Obviously our friendship would survive such a thing; her friendship with Andrew was another story. If it had been down to me they would never have met again, a rather small-minded, even spiteful reaction I admit. I would certainly never have brought them into each other’s company; but some months after their first meeting at my house, they bumped into each other by chance. It was late at night in the centre of London. Andrew was on his way home from a concert, and Molly had just left the theatre where she had been performing. They went off together for a drink, Andrew told me, and sat talking for hours. It was on that night, rather than at my party, that their friendship had really begun.
It was something of a relief to me to learn all this. I had realised by then that I’d over-reacted to Molly’s remark, and that if she and Andrew got on well together then for all three of us to be friends made perfect sense. Together we were more than the sum of our parts. They were my oldest, my closest friends, and what developed between us was an enrichment of what was already there, what I already had with each of them separately. And it gave me pleasure to watch these two people, who I knew so well and of whom I was so fond, gradually get to know each other. It gave me pleasure to watch the friendship of my two best friends grow and develop.

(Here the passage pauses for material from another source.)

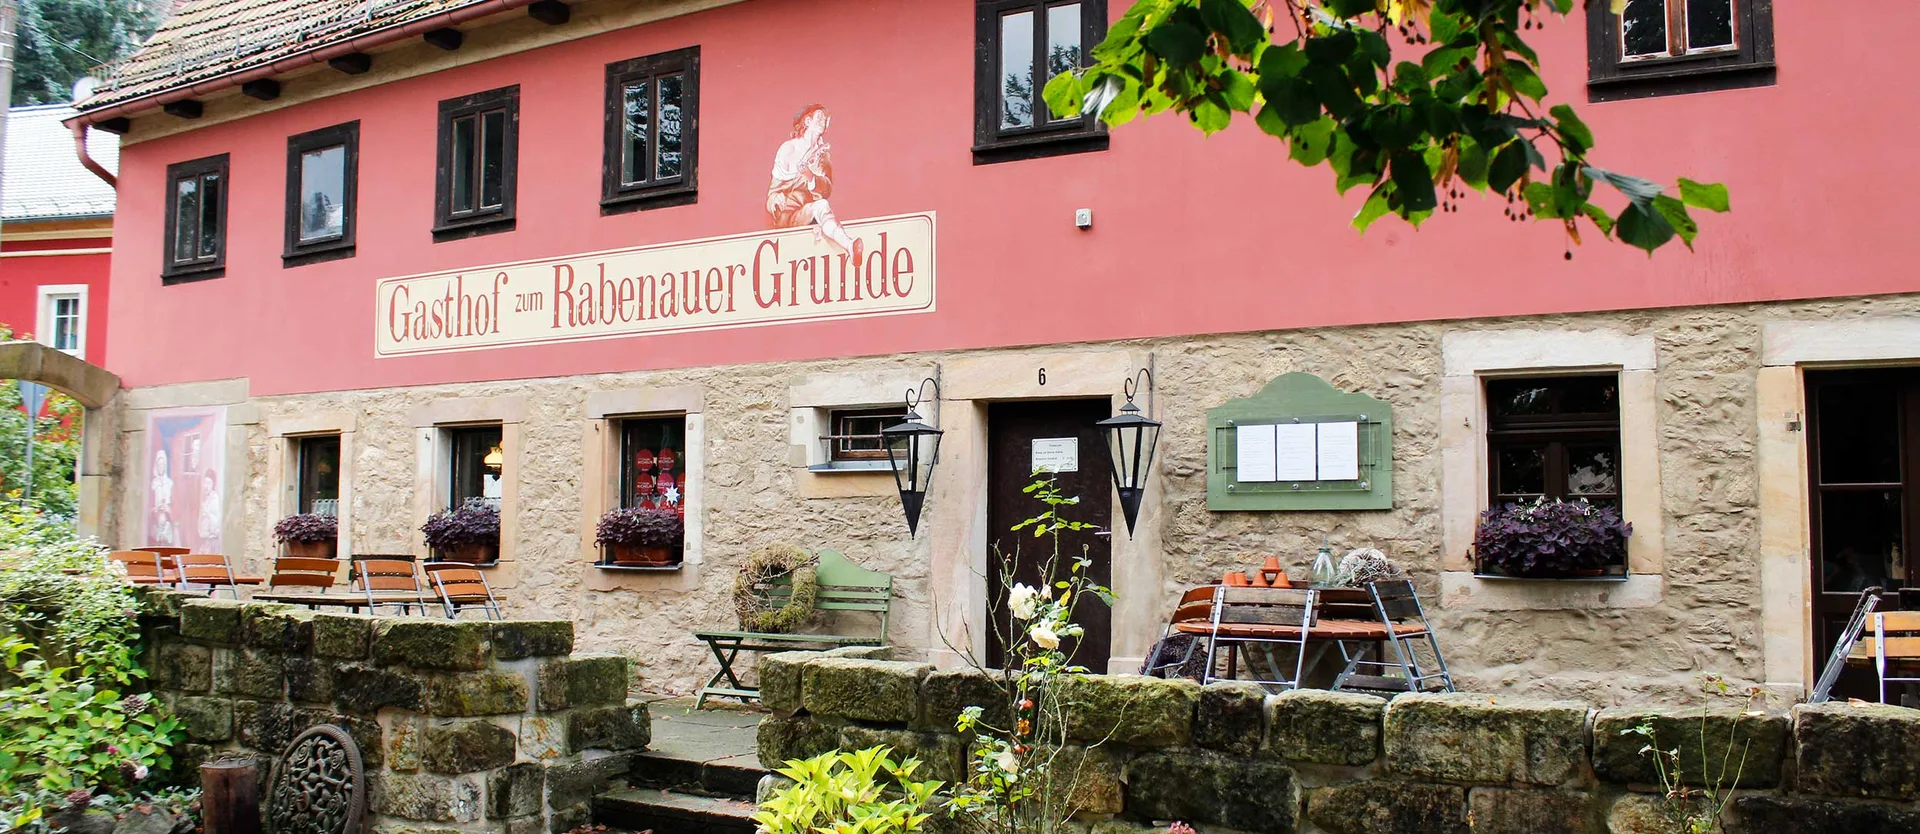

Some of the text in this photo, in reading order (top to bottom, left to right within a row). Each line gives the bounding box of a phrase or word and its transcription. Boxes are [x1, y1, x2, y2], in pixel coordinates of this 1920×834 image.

On occasion Molly would ask me leading questions about him, but I wouldn’t be drawn; I didn’t feel it was appropriate. It was up to Andrew himself to tell her about his life and in due course he did: about how he had met his wife Nicole while they were both postgraduate students in Cambridge. They had married as soon as their studies were completed and moved to London, where she took up a job with an auction house and he began working at the Courtauld Institute. Their son Tony was born four years later, and by the time he was five the marriage was over. Molly was made aware of these bald facts but was left to divine for herself their true emotional weight and significance. You have to think of Oscar and Bosie to envisage the degree of amour fou of which Andrew is capable. How could I not love him? He ruined my life. Does Molly know even yet, I wonder, that Andrew’s loves have about them the quality of obsession? I remember this from the time we were at university together and he fell for a classmate, who was also a friend of mine, with such a degree of passion and intensity that I, callow girl that I then was, couldn’t quite comprehend it.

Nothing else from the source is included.